A recent paper in Nature entitled "Mobility network models of COVID-19 explain inequities and inform reopening" uses cell phone data on 98 million Americans to study how human mobility affects the virus spread. They conclude that superspreader events drive the spread which occur predominantly at hotels, restaurants, cafes, gyms, and houses of worship.

When people travel, they visit hotels, restaurants, cafes, and perhaps even gyms disproportionally much. And what do quarantines do? They prevent many people from traveling in the first place! The quoted Oxera study is hugely flawed from a methodological perspective because it merely focuses on those that do travel. How can the study ignore the channel of people deciding not to travel due to quarantine regulation which reduces mobility and hence the spread of the virus?

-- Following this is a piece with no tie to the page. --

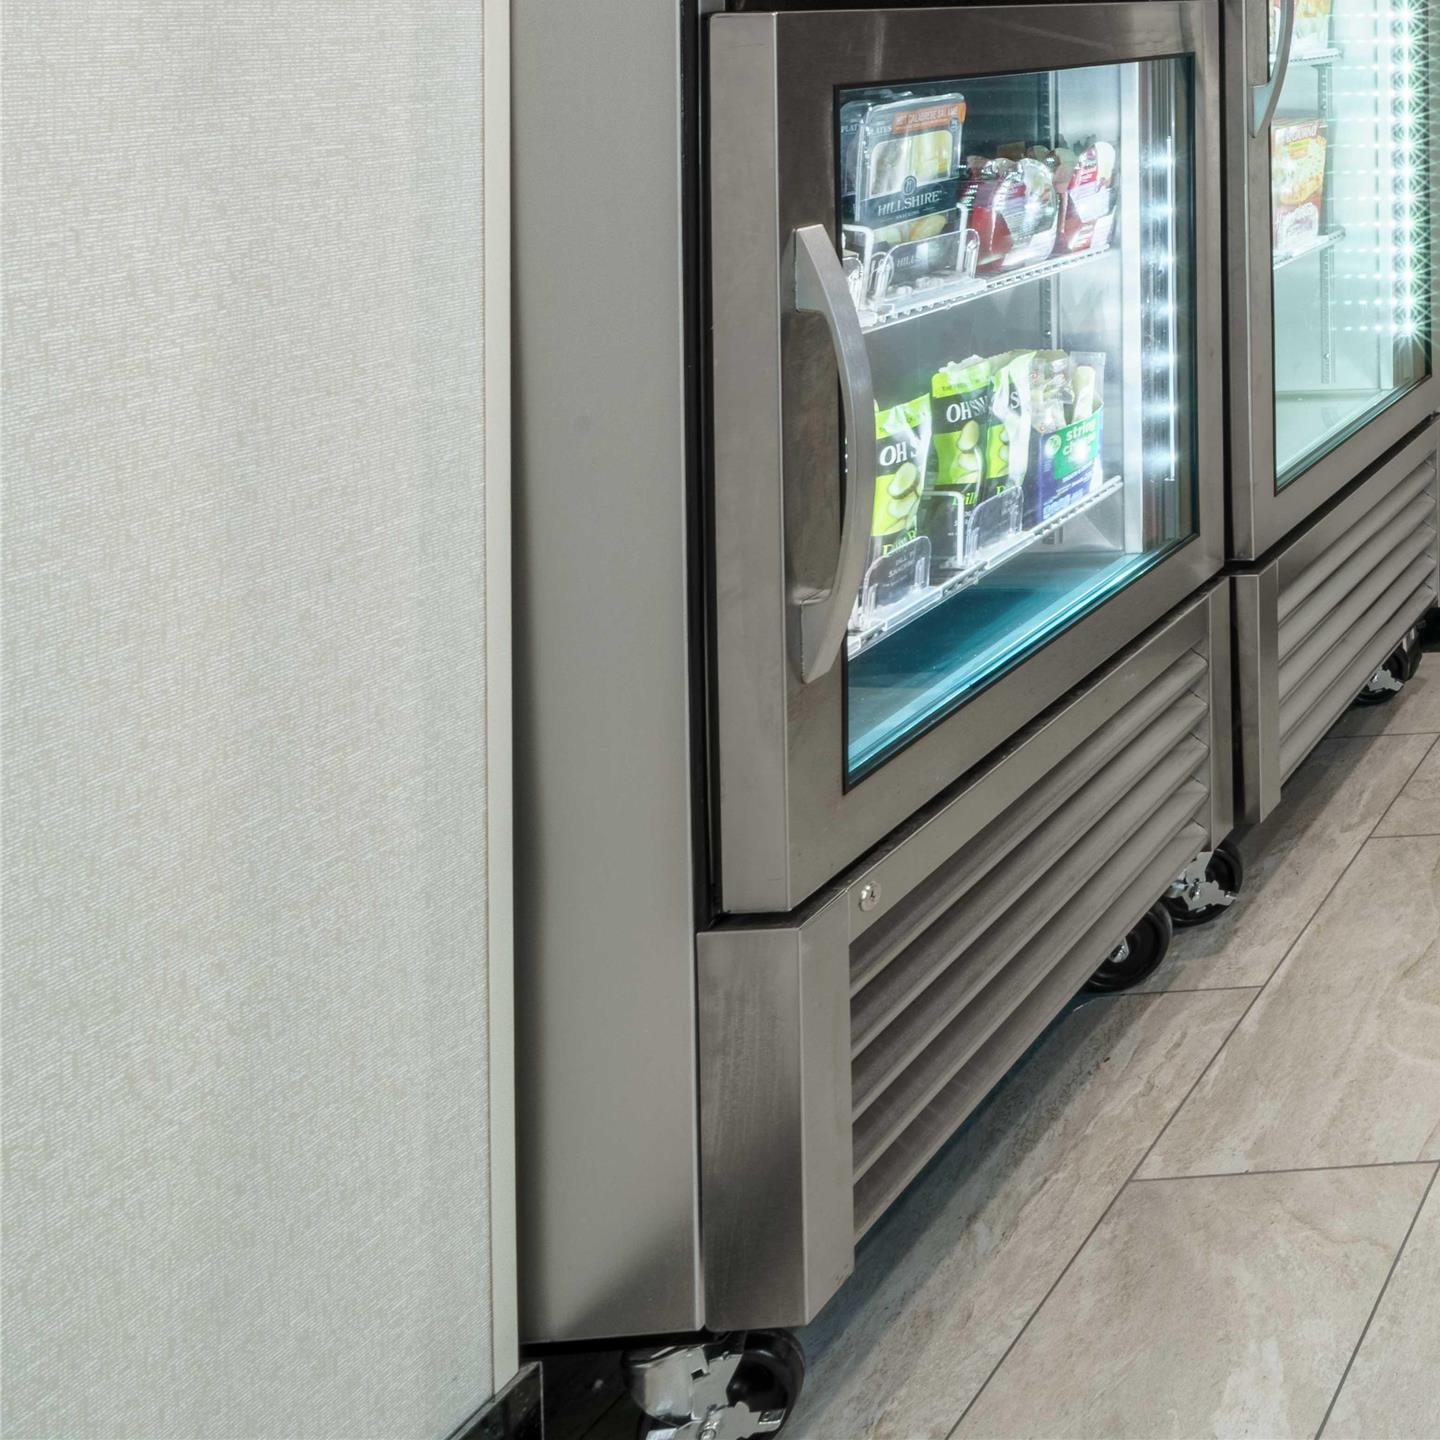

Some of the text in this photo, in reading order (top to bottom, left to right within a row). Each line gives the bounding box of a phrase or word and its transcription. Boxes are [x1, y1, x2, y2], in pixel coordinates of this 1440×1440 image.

[877, 190, 943, 217] HILLSHIRE
[946, 401, 973, 423] OH
[880, 441, 908, 466] OH

The purpose of the paper - which I will admit, is a partisan one - is to show that a 14-day self-isolation like the UK one does not work. It's not respected (and PHE too admits that), it's not enforced, it's not adhered to. I mean, I'm self-isolating right now (three days to go, yay!) after a brief visit to Europe where I by the way got a test on arrival (negative). No one has checked my PLF, no one has contacted me and the members of my household don't have to self-isolate! How senseless is that?

And indeed despite self-isolation the UK has more than a million cases and 50,000 deaths. Germany, which had a more intelligent approach, doesn't. To me it comes to show that in handling this pandemic it pays to use science, intelligence and organisation instead of blunt tools and conflicting messages.

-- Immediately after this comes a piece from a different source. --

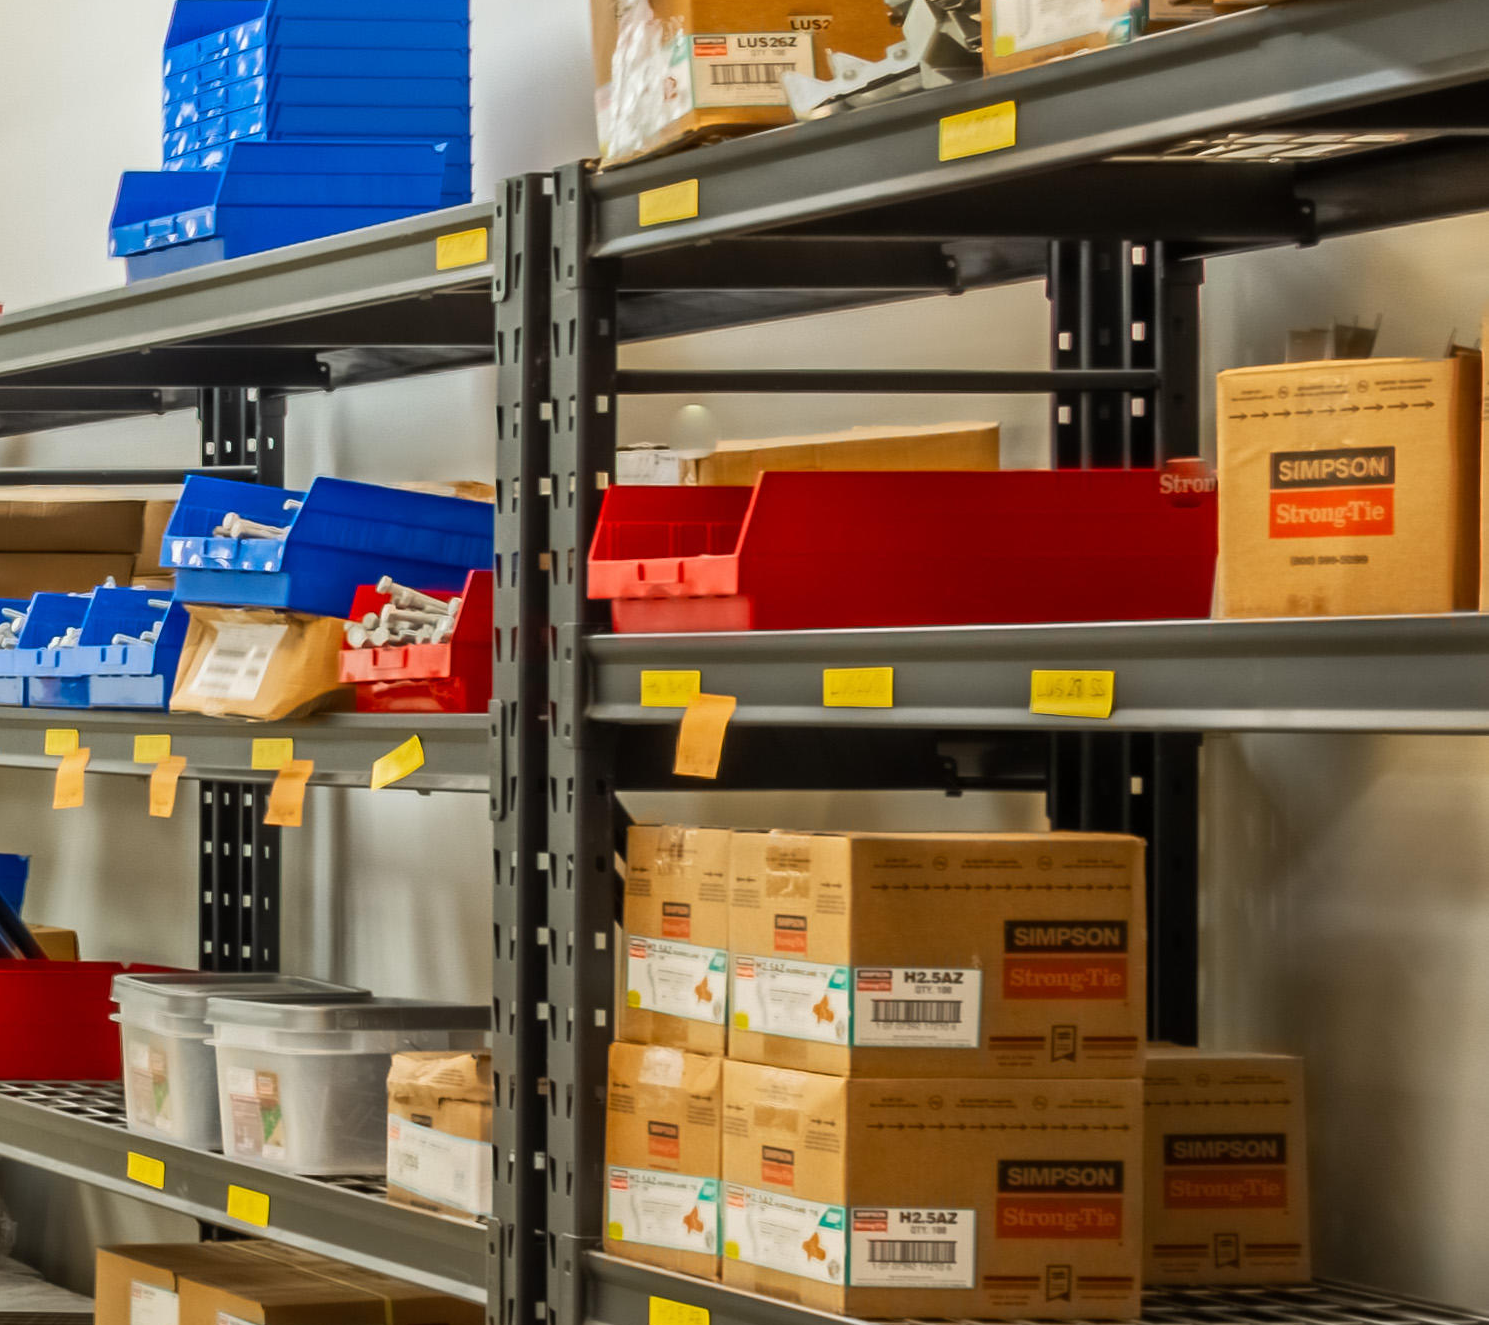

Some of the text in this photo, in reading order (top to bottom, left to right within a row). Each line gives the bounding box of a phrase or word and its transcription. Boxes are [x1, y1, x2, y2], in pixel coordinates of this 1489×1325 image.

I don't want to drag this into OMNI territory, and I'm not a Covid denier. I simply am not. But it is high time that we all start figuring out ways to unfreeze society. By my reckoning, between 40 and 60,000 jobs have been lost in the UK air transport & aerospace industries; airport cities like Crawley have, according to the BBC, 40% of their population on furlough. There are ways beyond the self-isolation to give this industry some breathing space and, at the same time, enhance public safety. Because it's bloody well clear that the self isolation isn't working. And the same applies to a lot of other sectors (for instance, I'm told that my local NHS trust is no longer doing breast cancer prevention screenings due to Covid, which is dangerous), but I'm going off on a tangent here.